*WHAT IS EXPECTED:*
Copy every record word for word. The images stay behind.

*DATA RECORDS:*
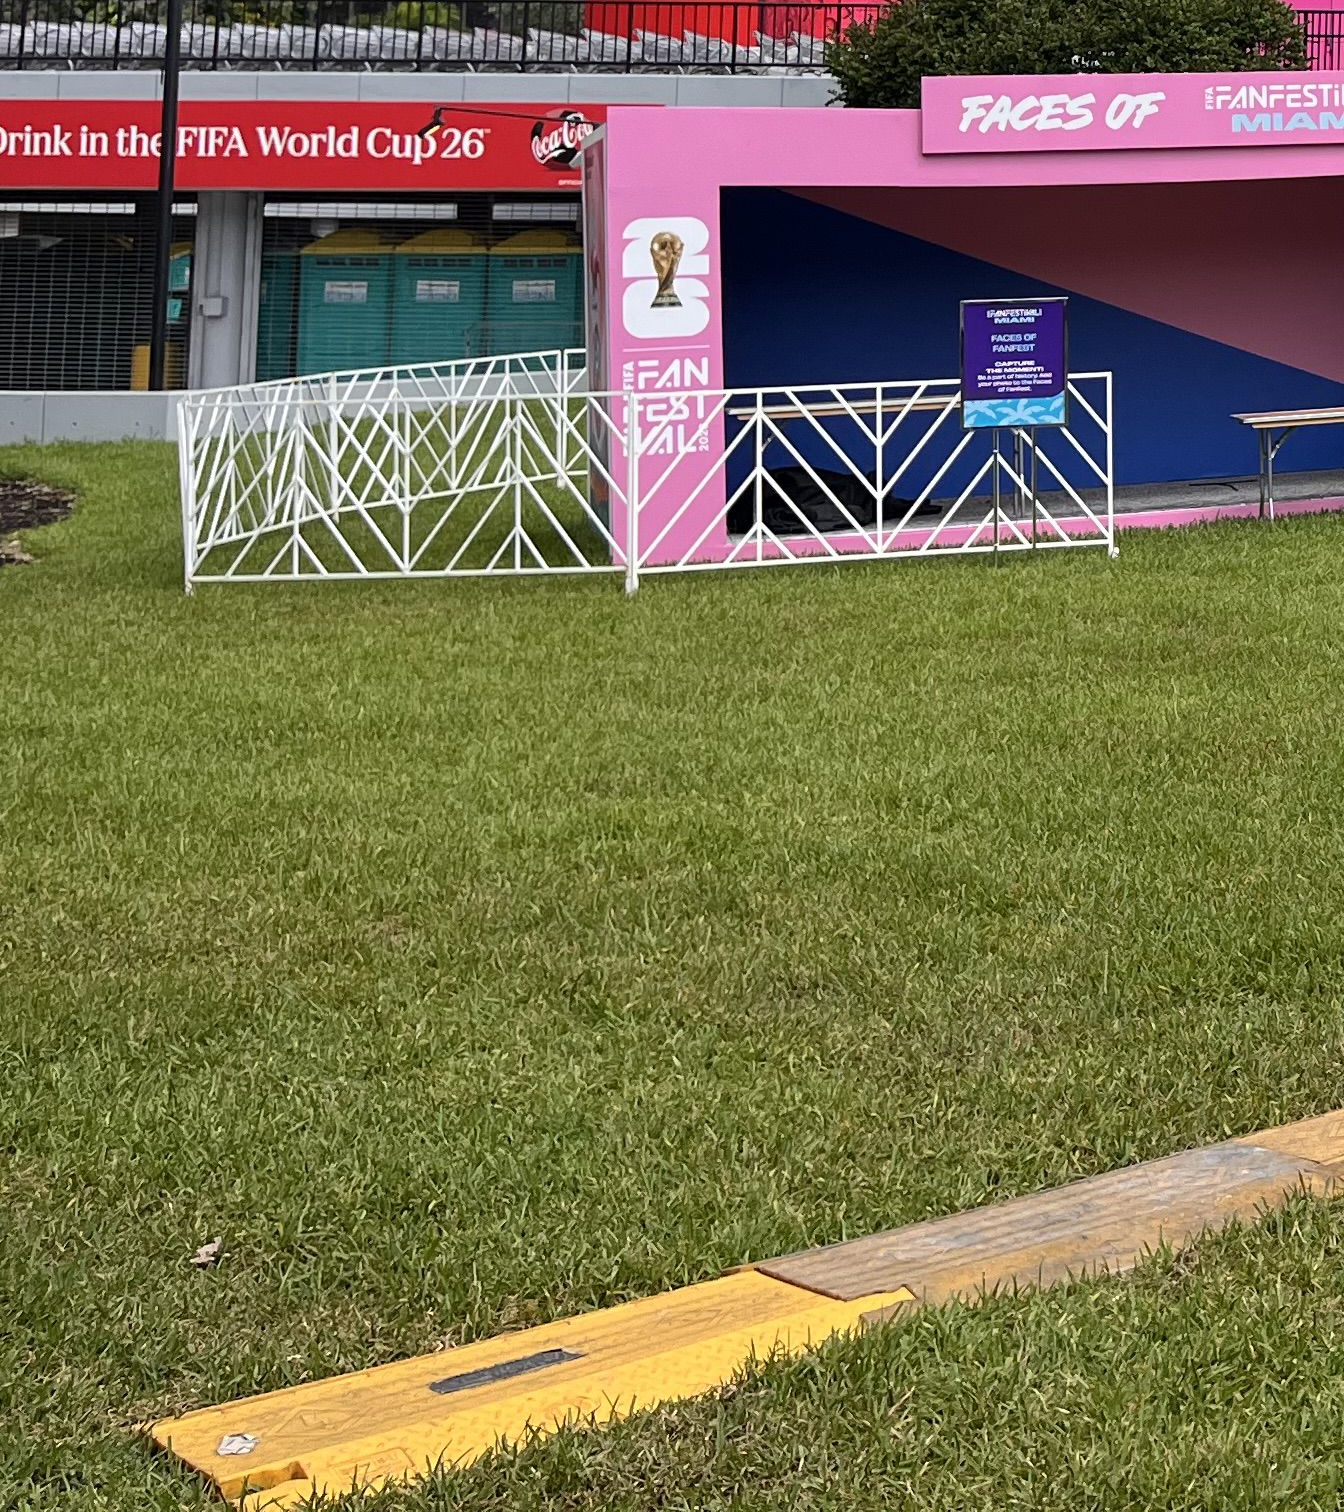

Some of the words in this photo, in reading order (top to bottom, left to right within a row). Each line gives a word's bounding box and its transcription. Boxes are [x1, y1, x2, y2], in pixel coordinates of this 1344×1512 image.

[958, 93, 1096, 133] FACES
[1105, 92, 1166, 130] OF
[1204, 86, 1214, 111] FIFA
[79, 125, 109, 156] in
[176, 126, 249, 157] FIFA
[256, 126, 359, 158] World
[366, 128, 438, 165] Cup
[991, 334, 1022, 342] FACES
[1024, 333, 1037, 341] OF
[637, 357, 709, 390] FAN

*REPLY TO THE EXERCISE:*
Some of the words in this photo, in reading order (top to bottom, left to right within a row). Each line gives a word's bounding box and its transcription. Boxes are [x1, y1, x2, y2], in pixel coordinates of this 1344×1512 image.

[958, 93, 1096, 133] FACES
[1105, 92, 1166, 130] OF
[1204, 86, 1214, 111] FIFA
[79, 125, 109, 156] in
[176, 126, 249, 157] FIFA
[256, 126, 359, 158] World
[366, 128, 438, 165] Cup
[991, 334, 1022, 342] FACES
[1024, 333, 1037, 341] OF
[637, 357, 709, 390] FAN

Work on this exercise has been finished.